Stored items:
[Start of section]

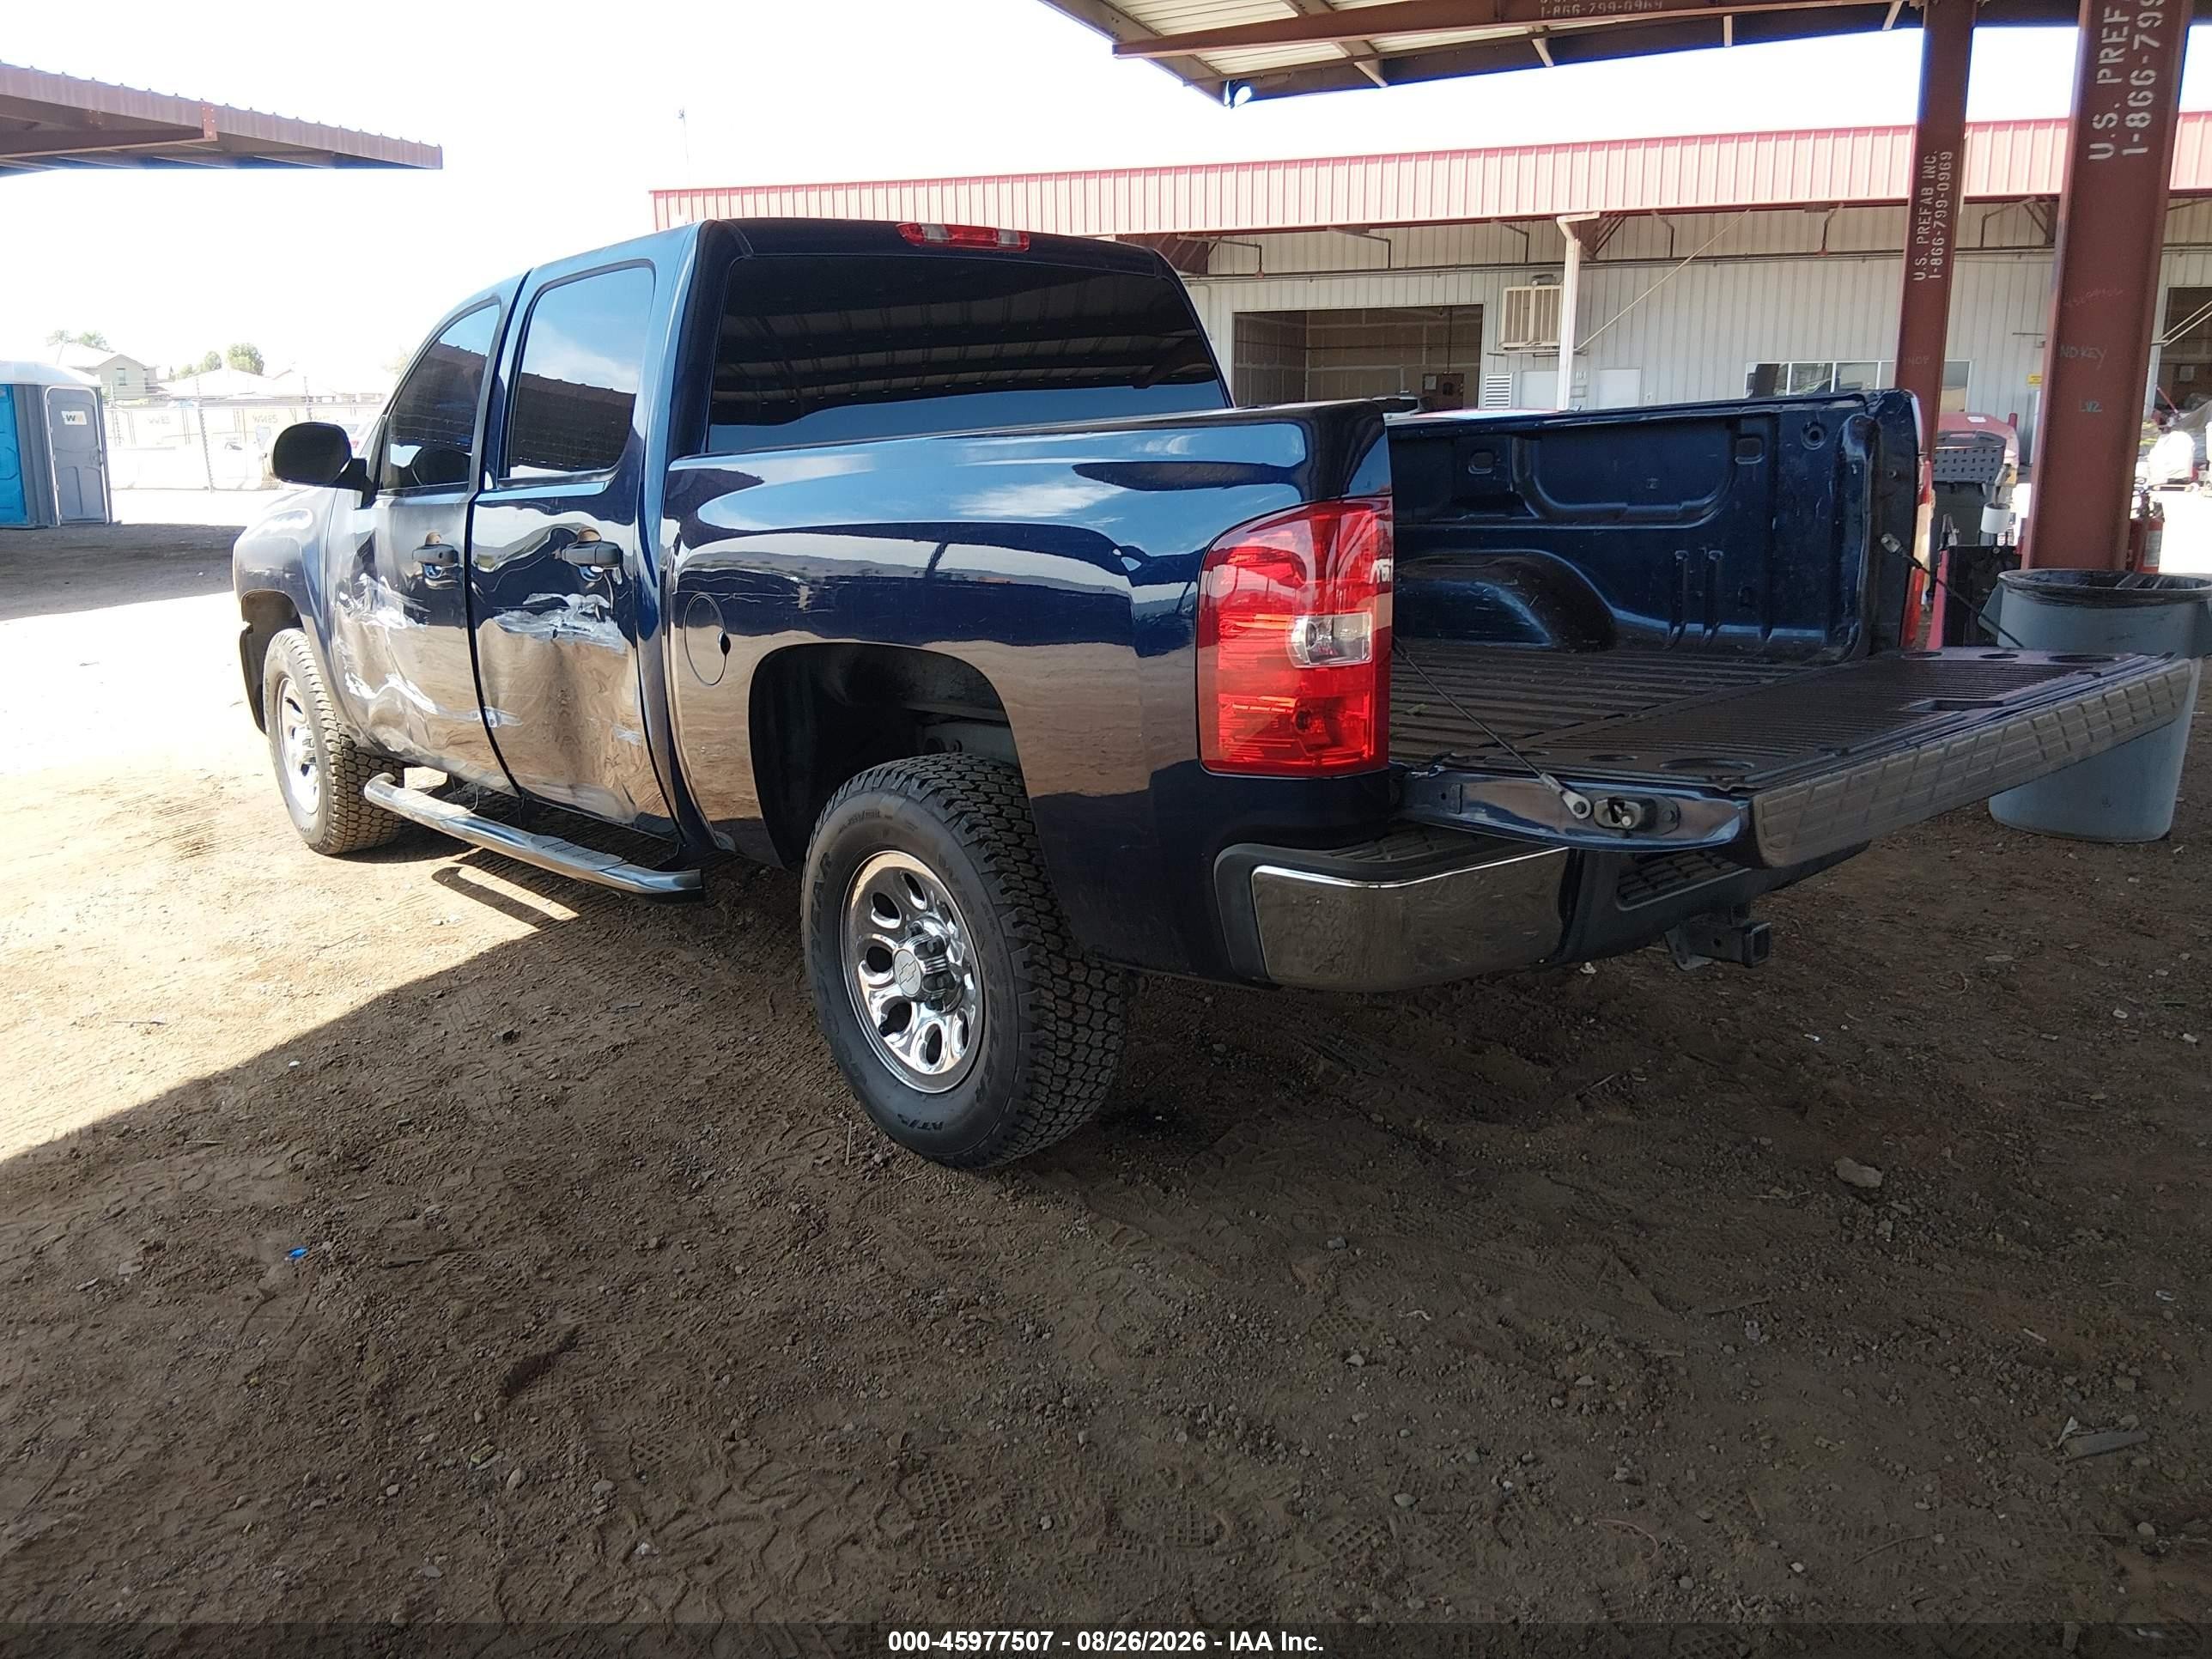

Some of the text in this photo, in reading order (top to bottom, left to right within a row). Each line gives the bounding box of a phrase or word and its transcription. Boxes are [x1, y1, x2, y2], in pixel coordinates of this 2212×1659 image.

[2088, 0, 2130, 161] U.S. PREF
[1913, 150, 1938, 281] U.S. PREFAB INC.
[1929, 150, 1953, 280] 1-866-799-0969
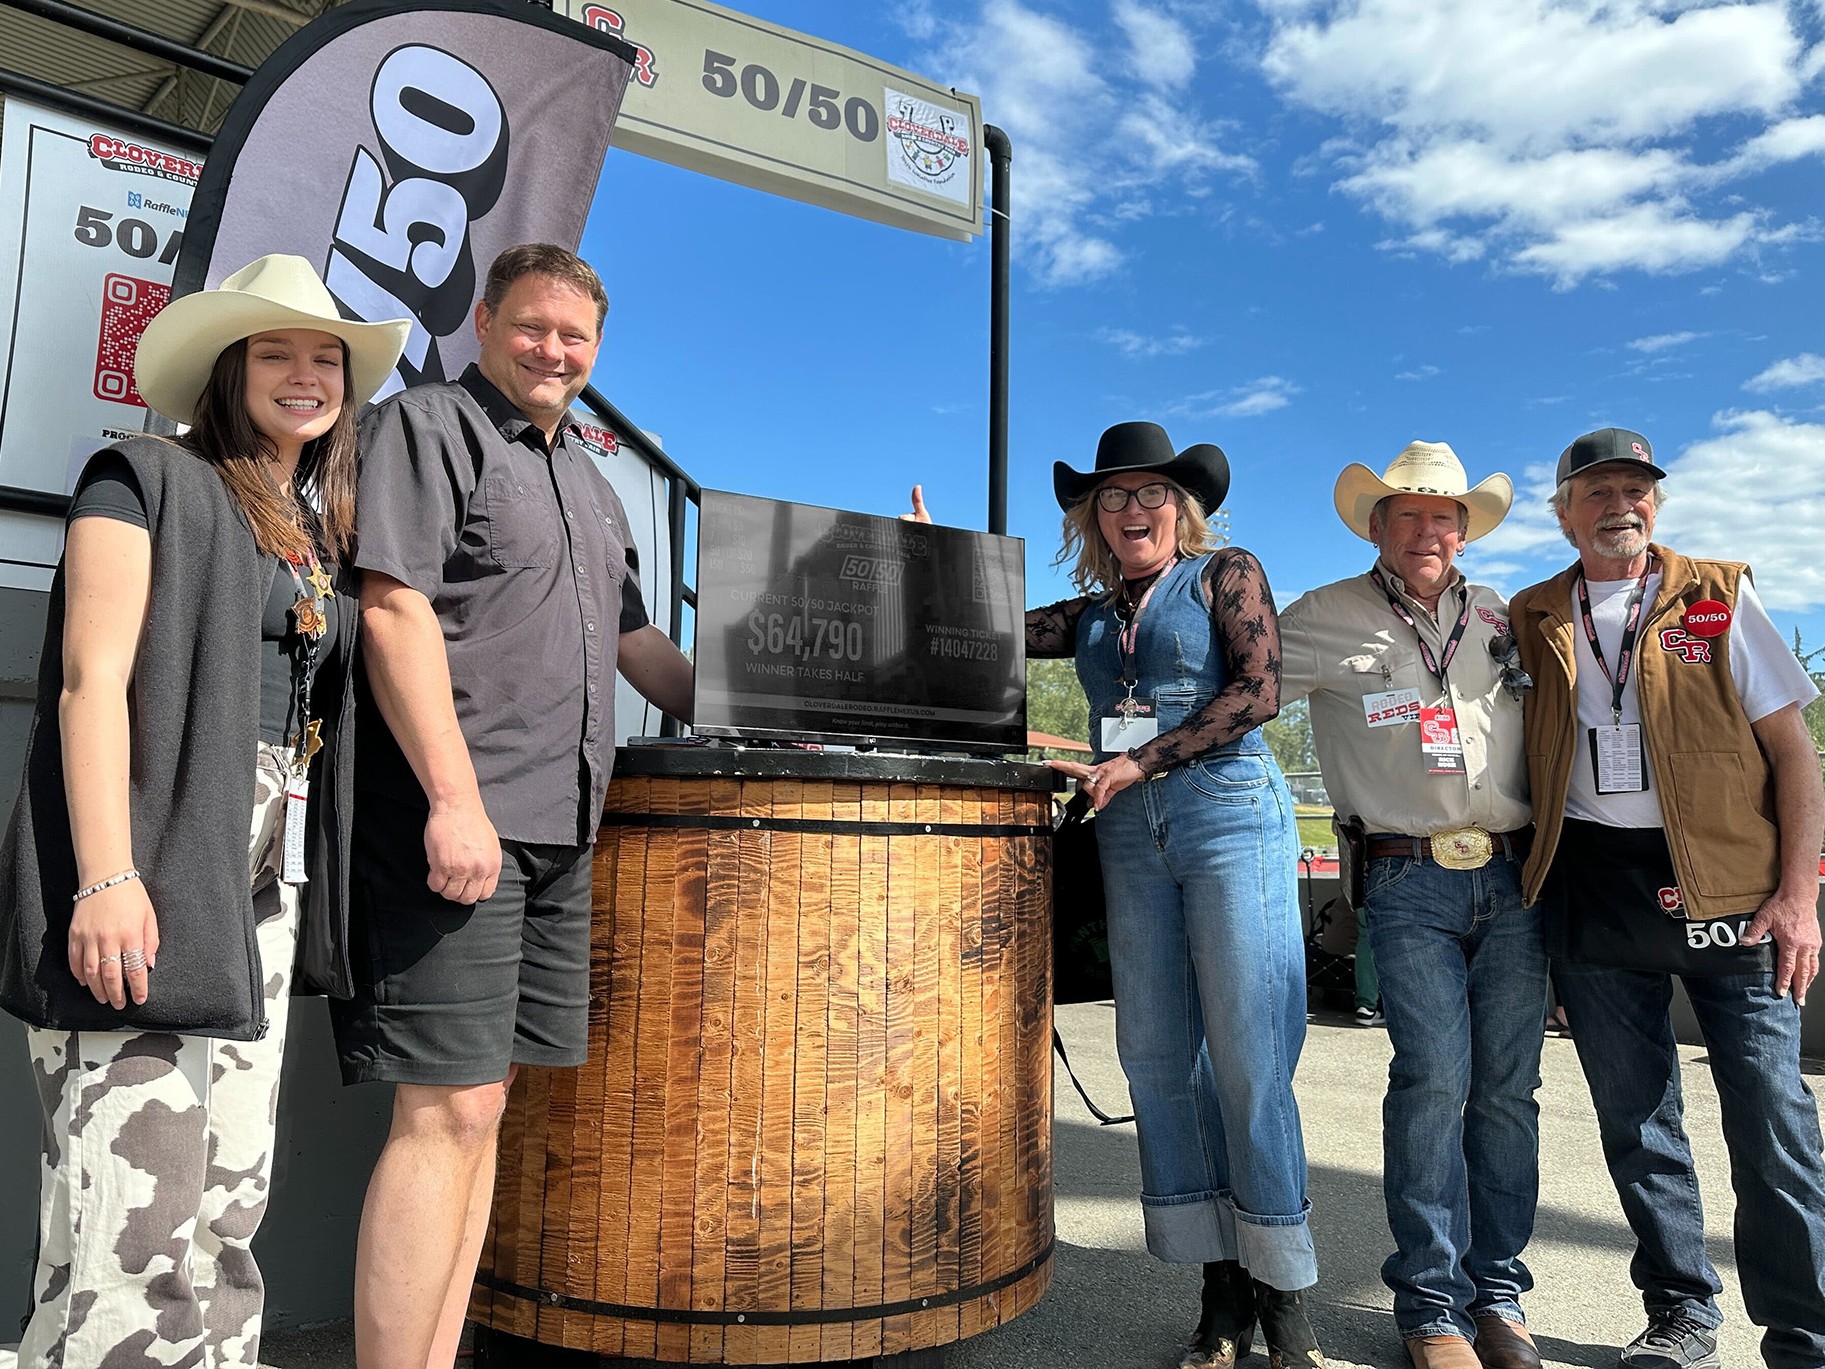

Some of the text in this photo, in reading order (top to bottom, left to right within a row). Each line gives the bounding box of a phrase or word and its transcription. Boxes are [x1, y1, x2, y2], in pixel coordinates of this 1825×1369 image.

[701, 48, 880, 143] 50/50
[888, 114, 968, 154] CLOVERDALE
[120, 163, 155, 175] RODEO
[156, 170, 164, 178] &
[325, 44, 508, 404] /50
[852, 581, 888, 593] RAFFLE
[730, 589, 880, 616] CURRENT 50/50 JACKPOT
[1688, 612, 1728, 624] 50/50
[747, 608, 863, 662] $64,790
[925, 624, 1001, 641] WINNING TICKET
[930, 637, 998, 661] #14047228
[1659, 628, 1712, 665] CR
[745, 662, 865, 682] WINNER TAKES HALF
[803, 701, 936, 716] CLOVERDALERODEO.RAFFLENEXUS.COM
[1367, 701, 1420, 723] REDS
[1371, 692, 1413, 711] RODEO
[1685, 920, 1773, 949] 50/
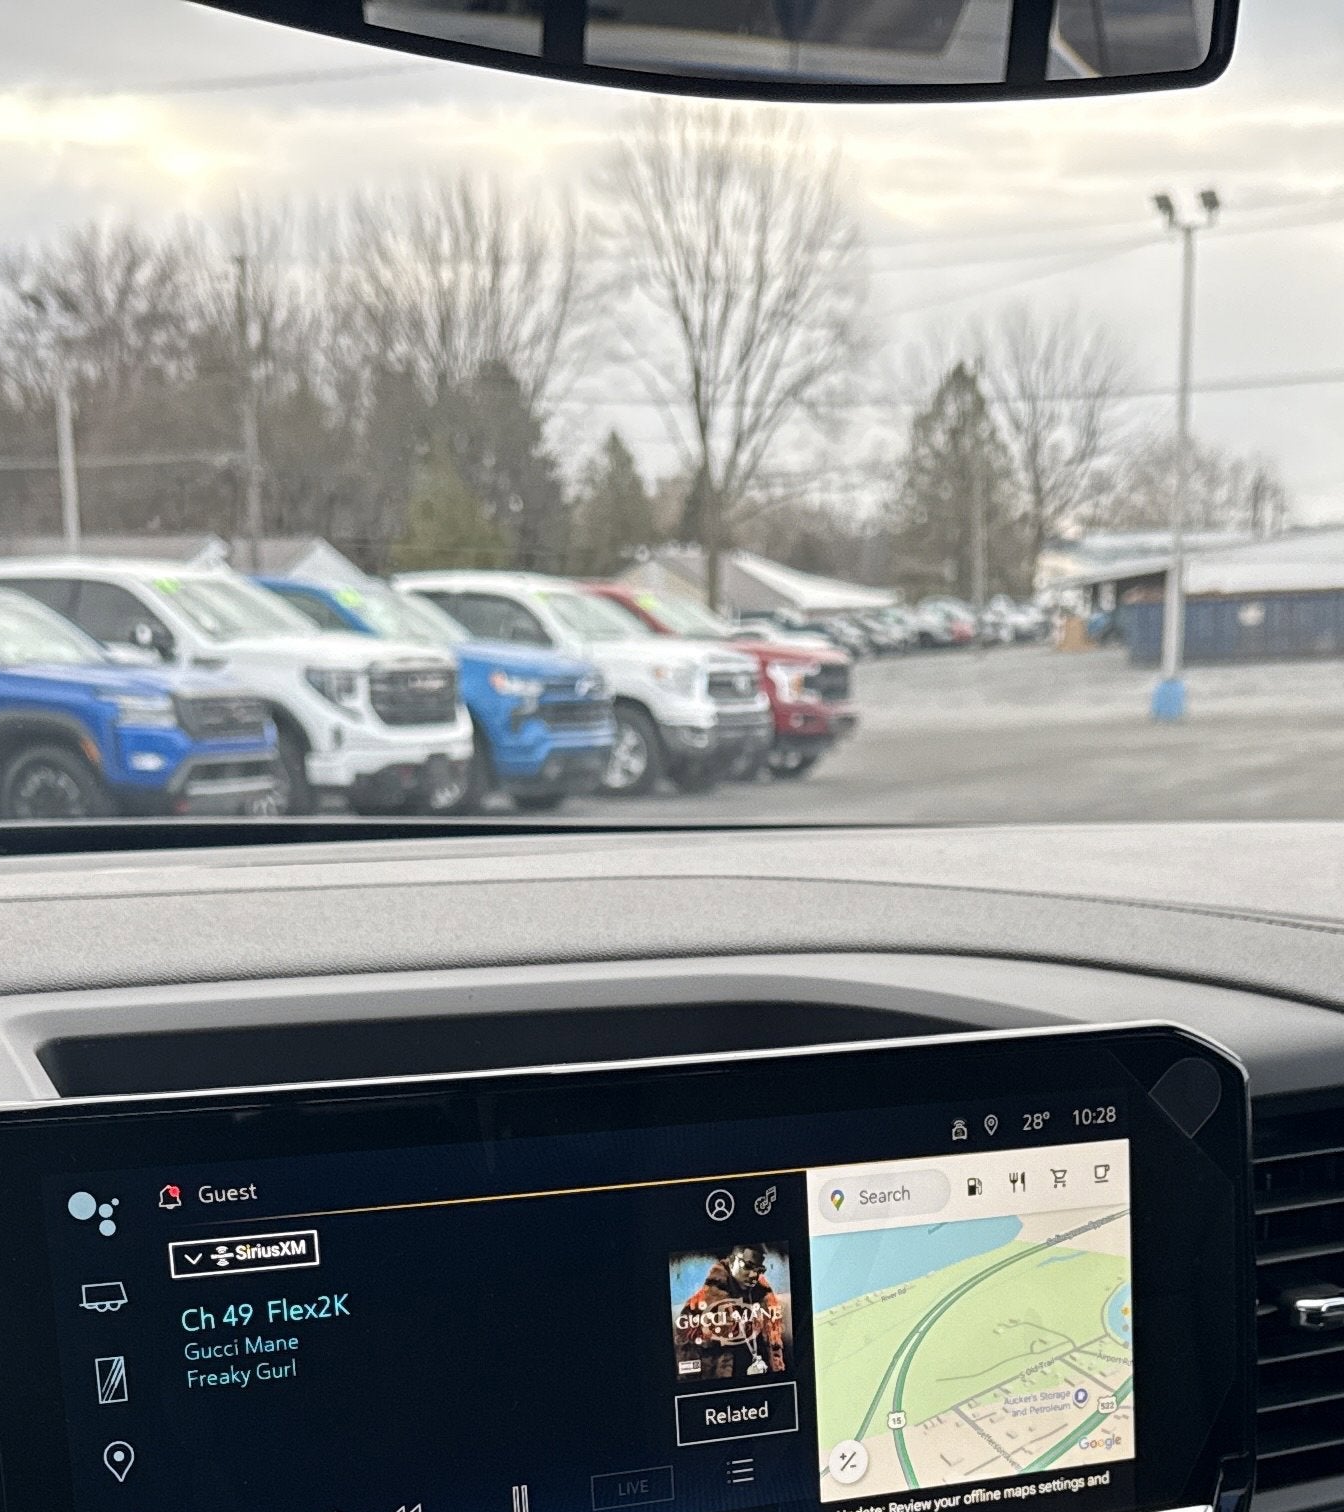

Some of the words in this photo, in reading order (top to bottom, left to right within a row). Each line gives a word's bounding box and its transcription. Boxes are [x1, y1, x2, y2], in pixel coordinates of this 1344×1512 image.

[End of section]

--- Task requirements ---
Word for word, copy all the entries above, but with no pictures.

--- Answer section ---
Some of the text in this photo, in reading order (top to bottom, left to right within a row). Each line gives the bounding box of a phrase or word and its transcription. Boxes are [x1, y1, x2, y2], in pixel coordinates of this 2212×1659 image.

[2088, 0, 2130, 161] U.S. PREF
[1913, 150, 1938, 281] U.S. PREFAB INC.
[1929, 150, 1953, 280] 1-866-799-0969

Some of the text in this photo, in reading order (top to bottom, left to right within a row). Each line gives the bounding box of a phrase or word and its transcription. Boxes are [x1, y1, x2, y2], in pixel coordinates of this 1825×1369 image.

[701, 48, 880, 143] 50/50
[888, 114, 968, 154] CLOVERDALE
[120, 163, 155, 175] RODEO
[156, 170, 164, 178] &
[325, 44, 508, 404] /50
[852, 581, 888, 593] RAFFLE
[730, 589, 880, 616] CURRENT 50/50 JACKPOT
[1688, 612, 1728, 624] 50/50
[747, 608, 863, 662] $64,790
[925, 624, 1001, 641] WINNING TICKET
[930, 637, 998, 661] #14047228
[1659, 628, 1712, 665] CR
[745, 662, 865, 682] WINNER TAKES HALF
[803, 701, 936, 716] CLOVERDALERODEO.RAFFLENEXUS.COM
[1367, 701, 1420, 723] REDS
[1371, 692, 1413, 711] RODEO
[1685, 920, 1773, 949] 50/

Some of the words in this photo, in reading order (top to bottom, left to right within a row). Each line gives a word's bounding box and its transcription. Boxes are [x1, y1, x2, y2], in pixel coordinates of this 1344×1512 image.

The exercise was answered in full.